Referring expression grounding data
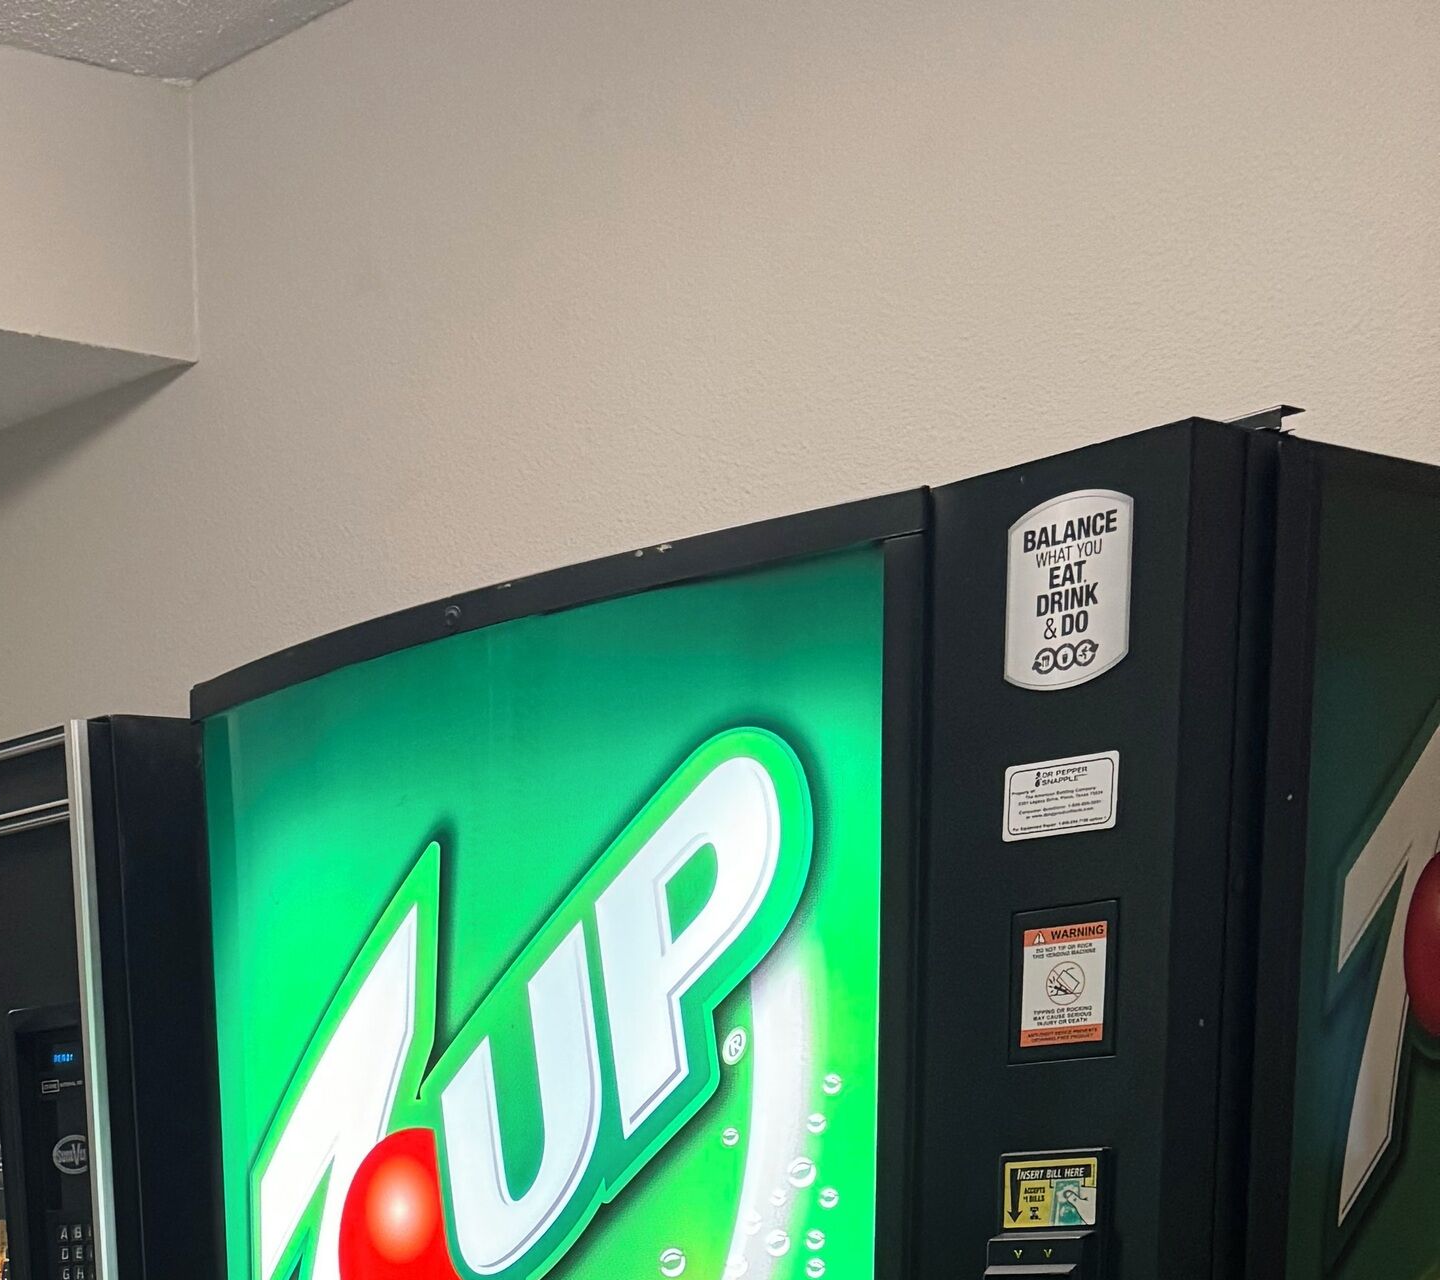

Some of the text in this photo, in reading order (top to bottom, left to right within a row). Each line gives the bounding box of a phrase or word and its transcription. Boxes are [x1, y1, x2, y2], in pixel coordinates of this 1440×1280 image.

[1024, 509, 1117, 553] BALANCE
[1036, 538, 1102, 568] WHAT YOU
[1036, 582, 1098, 617] DRINK
[1043, 610, 1088, 639] & DO
[1056, 766, 1088, 776] PEPPER
[1042, 775, 1078, 786] SNAPPLE
[1051, 925, 1104, 940] WARNING
[1017, 1167, 1084, 1180] INSERT BILL HERE
[60, 1227, 82, 1240] A B
[62, 1248, 82, 1260] D E
[63, 1268, 84, 1280] G H

§ **What the exercise asks**: With the pictures removed, return each record above exactly as given.

§ **Output for this task**:
Some of the text in this photo, in reading order (top to bottom, left to right within a row). Each line gives the bounding box of a phrase or word and its transcription. Boxes are [x1, y1, x2, y2], in pixel coordinates of this 1440×1280 image.

[1024, 509, 1117, 553] BALANCE
[1036, 538, 1102, 568] WHAT YOU
[1036, 582, 1098, 617] DRINK
[1043, 610, 1088, 639] & DO
[1056, 766, 1088, 776] PEPPER
[1042, 775, 1078, 786] SNAPPLE
[1051, 925, 1104, 940] WARNING
[1017, 1167, 1084, 1180] INSERT BILL HERE
[60, 1227, 82, 1240] A B
[62, 1248, 82, 1260] D E
[63, 1268, 84, 1280] G H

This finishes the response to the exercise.